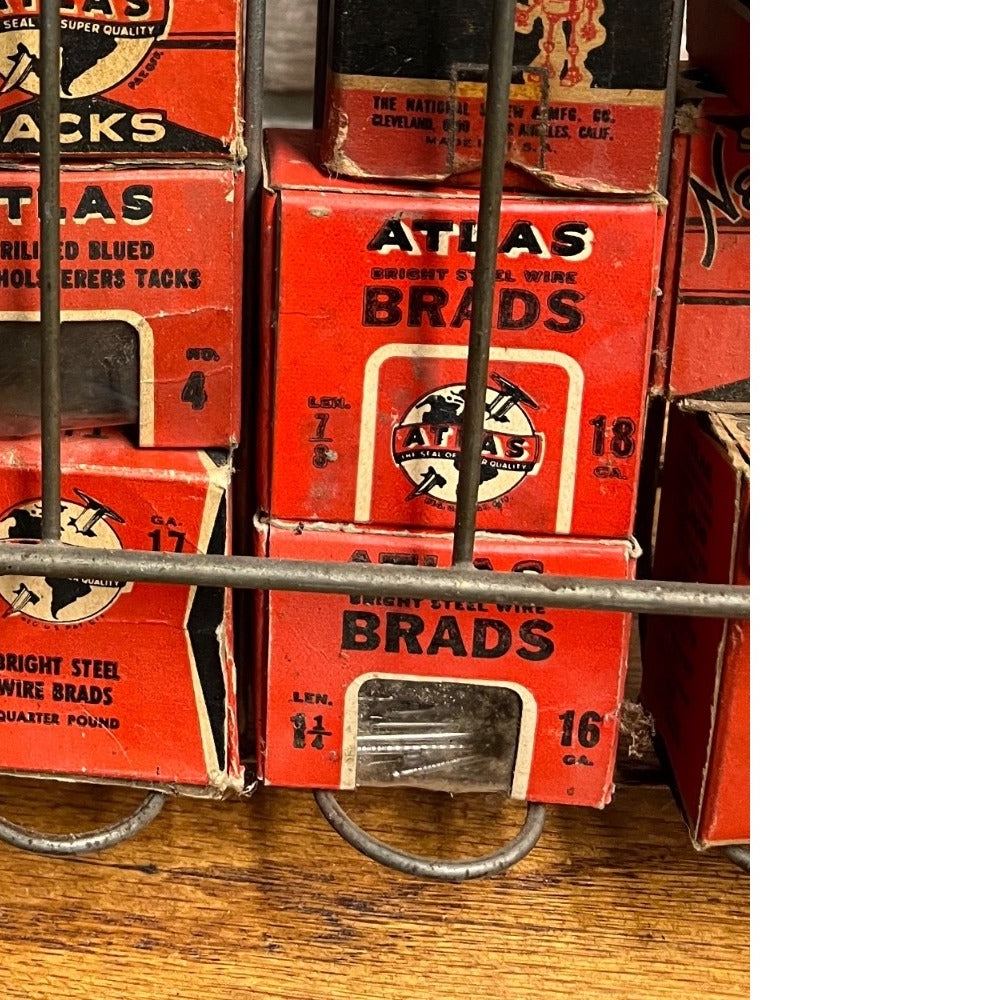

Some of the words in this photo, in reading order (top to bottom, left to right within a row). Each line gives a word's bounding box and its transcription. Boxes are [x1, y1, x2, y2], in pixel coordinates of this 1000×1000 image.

[3, 18, 36, 30] SEAL
[60, 18, 100, 35] SUPER
[103, 24, 156, 36] QUALITY
[88, 240, 155, 261] BLUED
[134, 268, 202, 290] TACKS
[370, 267, 449, 281] BRIGHT
[523, 269, 578, 284] WIRE
[181, 370, 208, 411] 4
[403, 426, 530, 462] ATAS
[587, 414, 636, 459] 18
[489, 460, 527, 471] QUALITY
[150, 515, 183, 527] GA.
[147, 529, 187, 553] 17
[340, 610, 556, 662] BRADS
[70, 658, 122, 682] STEEL
[51, 682, 114, 706] BRADS
[291, 690, 333, 706] LEN.
[67, 713, 121, 731] POUND
[558, 708, 604, 749] 16
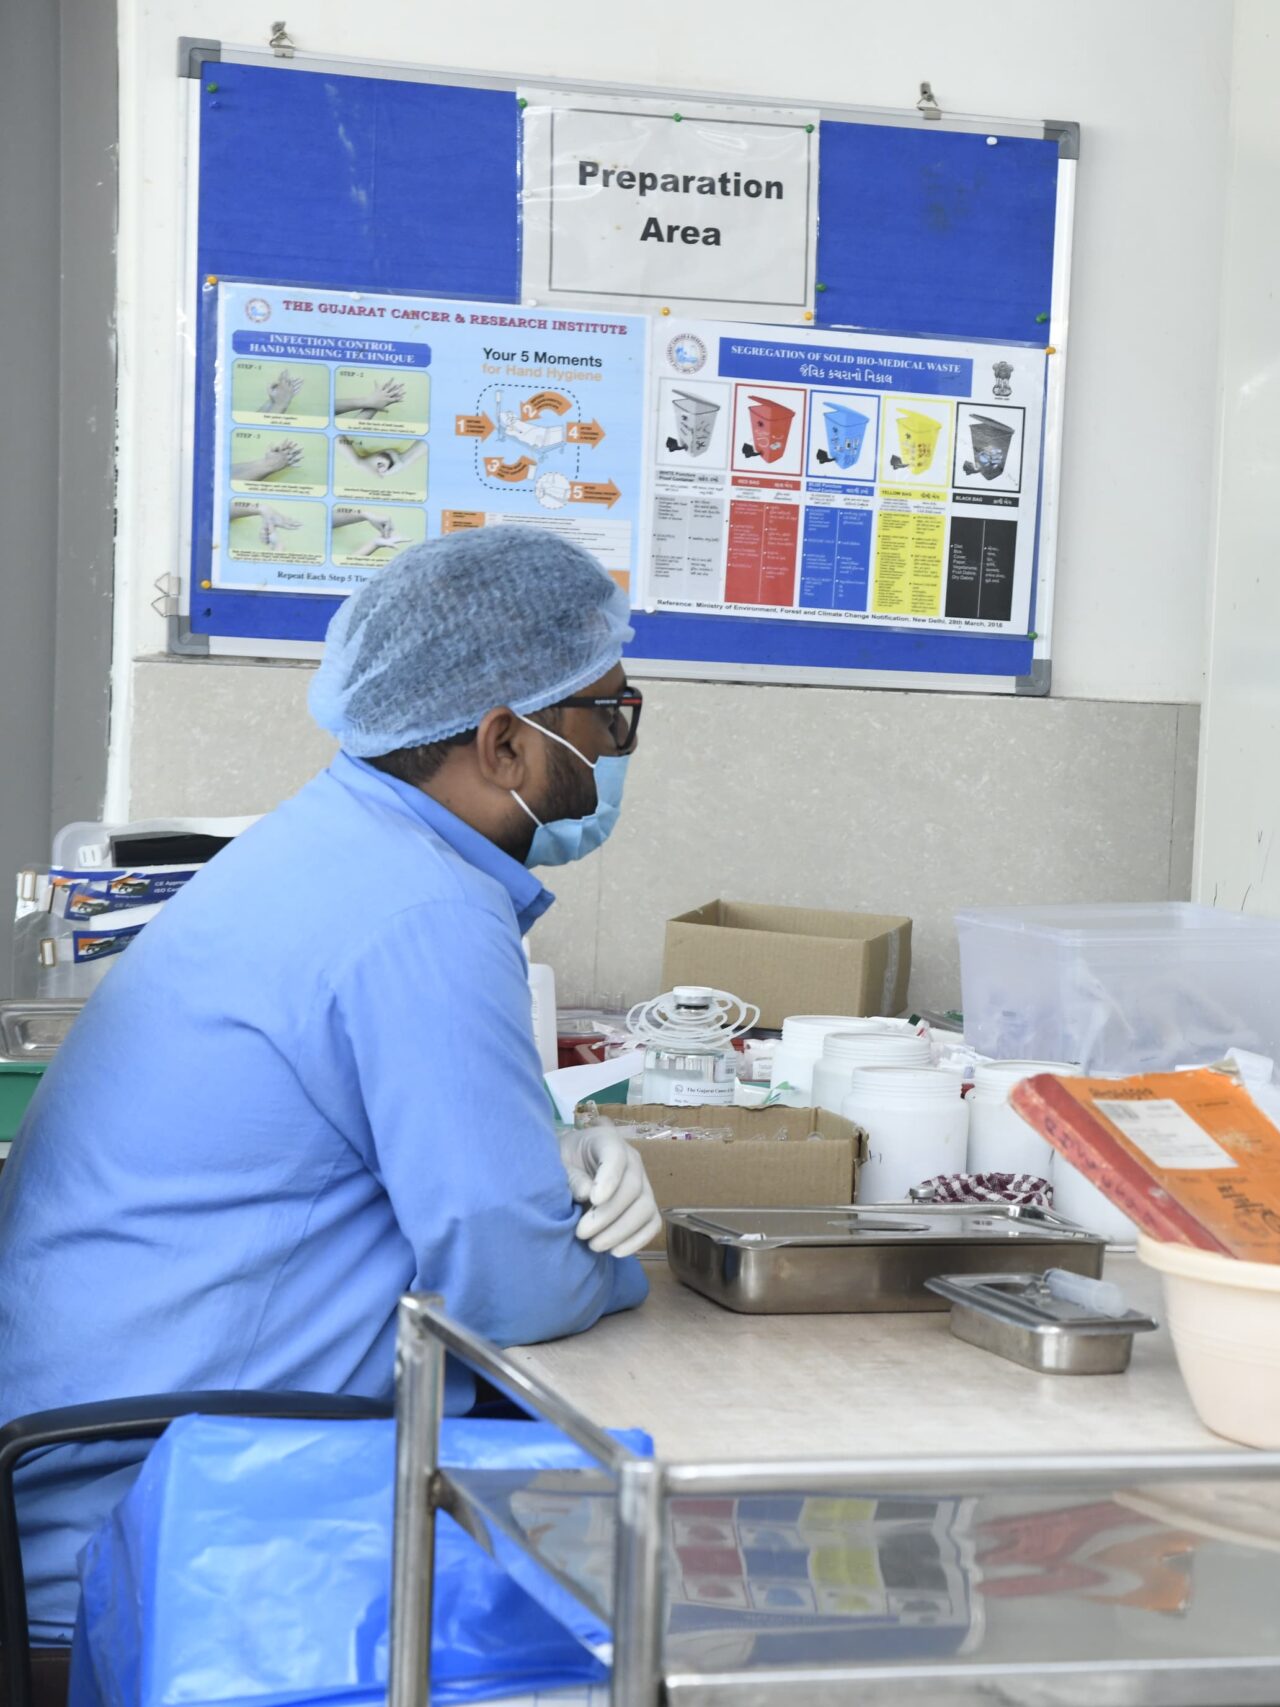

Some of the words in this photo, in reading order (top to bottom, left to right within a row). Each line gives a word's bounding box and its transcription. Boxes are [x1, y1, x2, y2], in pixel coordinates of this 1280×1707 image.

- [TASK BRIEF]
Retype each of the entries above exactly as it appears, with no pictures.

- [COMPLETED EXERCISE]
Some of the words in this photo, in reading order (top to bottom, left to right within a row). Each line gives a word's bounding box and its transcription. Boxes are [x1, y1, x2, y2], in pixel coordinates of this 1000×1000 image.

[3, 18, 36, 30] SEAL
[60, 18, 100, 35] SUPER
[103, 24, 156, 36] QUALITY
[88, 240, 155, 261] BLUED
[134, 268, 202, 290] TACKS
[370, 267, 449, 281] BRIGHT
[523, 269, 578, 284] WIRE
[181, 370, 208, 411] 4
[403, 426, 530, 462] ATAS
[587, 414, 636, 459] 18
[489, 460, 527, 471] QUALITY
[150, 515, 183, 527] GA.
[147, 529, 187, 553] 17
[340, 610, 556, 662] BRADS
[70, 658, 122, 682] STEEL
[51, 682, 114, 706] BRADS
[291, 690, 333, 706] LEN.
[67, 713, 121, 731] POUND
[558, 708, 604, 749] 16

Some of the words in this photo, in reading order (top to bottom, left to right within a row). Each line gives a word's bounding box and its transcription. Boxes are [x1, y1, x2, y2], in pixel coordinates of this 1280×1707 image.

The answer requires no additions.